Athens: Greece hopes to obtain its lenders’ approval for a new wave of austerity measures worth about 11.5 billion euros ($14.1 billion) by the middle of next month, a Greek finance ministry source said on Monday.

Winning approval for the savings due in 2013-14 is key to a positive review from the “troika” of the European Union, the European Central Bank and the International Monetary Fund, who are expected back in Athens next month for a verdict on whether they will keep funds flowing to the austerity-bound country.

“Our aim is to have agreed with our partners by Sept. 14,” the senior finance ministry official told reporters. An informal Eurogroup finance ministers’ meeting has also been scheduled in Nicosia for the same date.

The chiefs of the troika mission, who completed a preliminary visit to Athens earlier this month, are expected to return around Sept. 5, the official said.

The Greek government has so far worked out a draft list of measures worth 10.8 billion euros, another senior ministry official told Reuters last week.

Talks between ministers to identify the remaining 700 million euros were continuing on Monday and Greece plans to wrap them up “as soon as possible”, the official said.

The bulk of the measures will include cuts in pensions, public sector wages, welfare benefits and health expenses. The Greek government is also working on a plan to dismiss up to 40,000 civil servants over the next years.

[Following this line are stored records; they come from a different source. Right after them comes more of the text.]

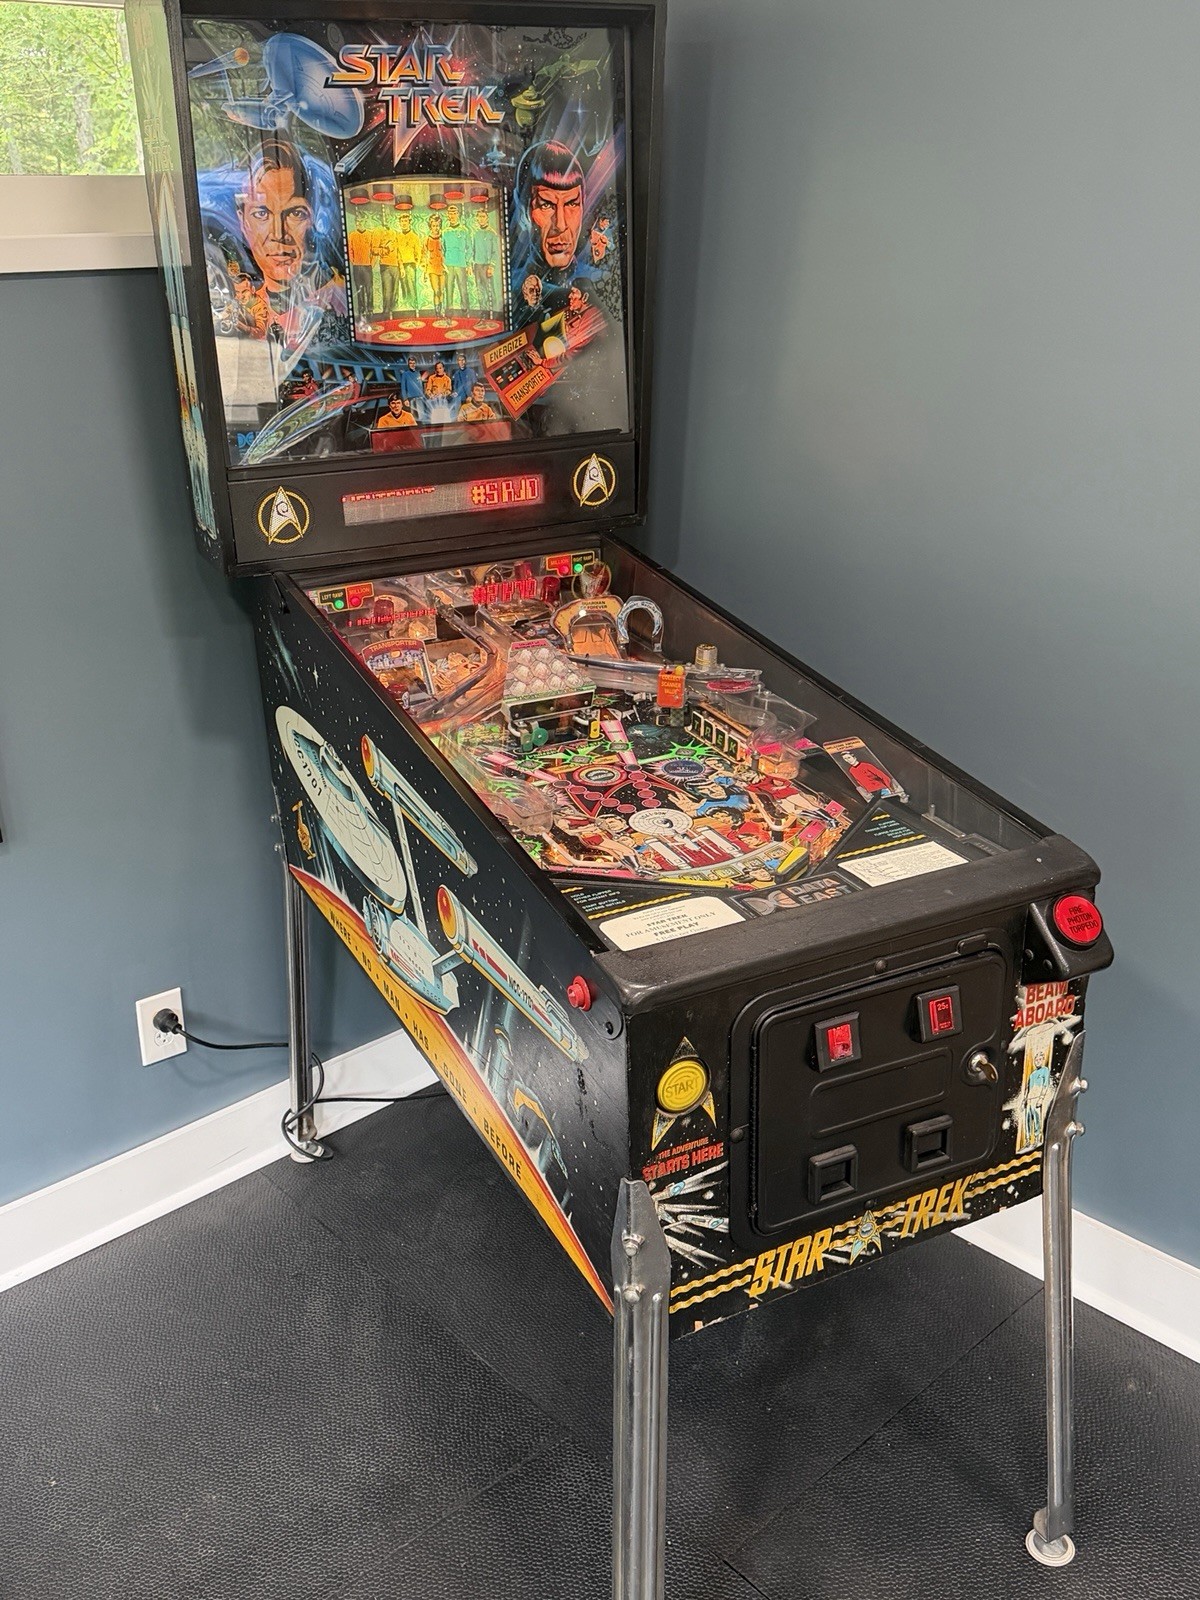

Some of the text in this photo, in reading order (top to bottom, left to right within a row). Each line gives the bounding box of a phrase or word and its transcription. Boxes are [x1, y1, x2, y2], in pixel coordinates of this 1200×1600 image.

[324, 44, 464, 88] STAR
[378, 85, 506, 127] TREK
[489, 336, 523, 363] ENERGIZE
[510, 370, 546, 404] TRANSPORTER
[369, 640, 417, 652] TRANSPORTER
[787, 877, 840, 896] DATA
[799, 885, 852, 905] EAST
[647, 918, 666, 926] STAR
[1067, 912, 1093, 925] PHOTON
[1069, 905, 1083, 915] FIRE
[626, 928, 644, 938] FOR
[644, 917, 693, 934] AMUSEMENT
[694, 911, 716, 920] ONLY
[654, 928, 677, 936] FREE
[676, 922, 699, 931] PLAY
[1069, 920, 1099, 934] TORPEDO
[1025, 981, 1069, 1005] BEAM
[1014, 994, 1075, 1032] ABOARD
[330, 908, 522, 1181] WHERE NO MAN HAS GONE BEFORE
[658, 1136, 709, 1160] THE ADVENTURE
[641, 1142, 724, 1182] STARTS HERE
[749, 1174, 974, 1297] STAR TREK

Germany’s Der Spiegel magazine on Saturday cited an interim troika report as saying Greece will likely need 2.5 billion euros in spending cuts over the next two years beyond the 11.5 billion figure to meet international lenders’ demands for cutting its deficit.

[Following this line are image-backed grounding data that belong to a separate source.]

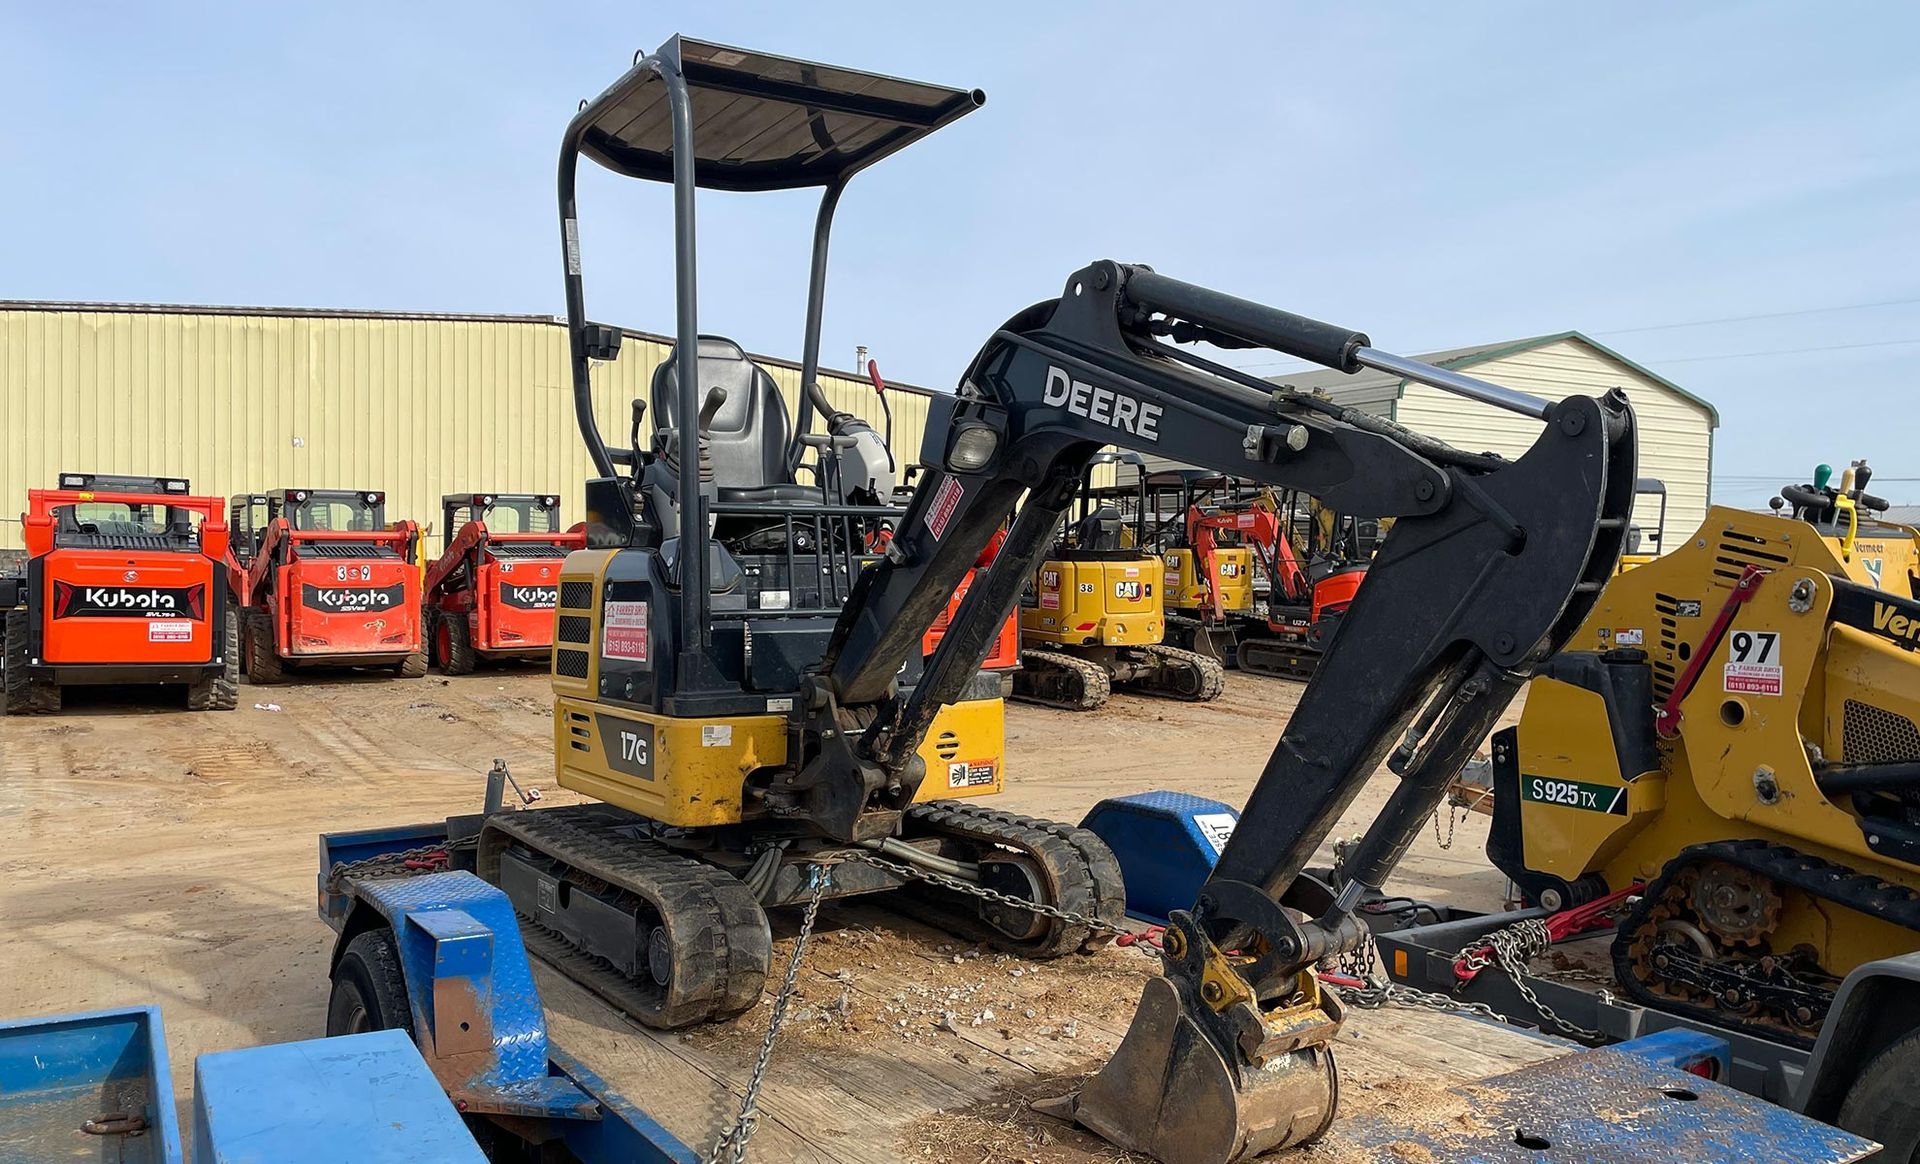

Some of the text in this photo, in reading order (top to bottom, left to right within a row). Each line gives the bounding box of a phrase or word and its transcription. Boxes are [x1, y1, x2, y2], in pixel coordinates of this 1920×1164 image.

[1043, 365, 1163, 441] DEERE
[1853, 541, 1884, 554] Vermeer
[501, 563, 513, 572] 42
[1166, 556, 1179, 567] CAT
[1221, 563, 1236, 576] CAT
[1043, 571, 1059, 587] CAT
[513, 587, 558, 602] Kubo
[1080, 583, 1094, 593] 38
[1115, 582, 1140, 599] CAT
[86, 588, 175, 608] Kubota
[318, 589, 389, 605] Kubota
[1873, 601, 1920, 641] Ver
[607, 639, 645, 654] (615) 893-6118
[1732, 632, 1777, 664] 97
[1727, 680, 1746, 689] (615)
[1746, 682, 1779, 692] 893-6118
[620, 731, 647, 765] 17G

Having a complete draft list of measures ready would help Greek Prime Minister Antonis Samaras in his effort to re-establish his country’s battered credibility in meetings later this week with Eurogroup chief Jean-Claude Juncker, German Chancellor Angela Merkel and French President Francois Hollande.

Samaras is expected in those meetings to informally float a long-standing proposal that the measures be spread over four instead of two years to soften their impact on a Greek populace enduring record unemployment and the country’s worst downturn since World War Two.

Twice bailed-out Greece is dependent on a second, 130-billion-euro rescue deal agreed in March to give it the funds to keep paying public sector wages, pensions and bills.

German Finance Minister Wolfgang Schaeuble said on Saturday there were limits to the aid that could be granted to Greece and said the crisis-stricken country should not expect to be granted another programme.

However, Eurogroup head Juncker was quoted in Austria’s Tiroler Tageszeitung newspaper on Saturday as saying Greece will not leave the Eurozone unless the country “totally refuses” to fulfil any of its reform targets, adding he expected Athens to double its efforts to meet these goals.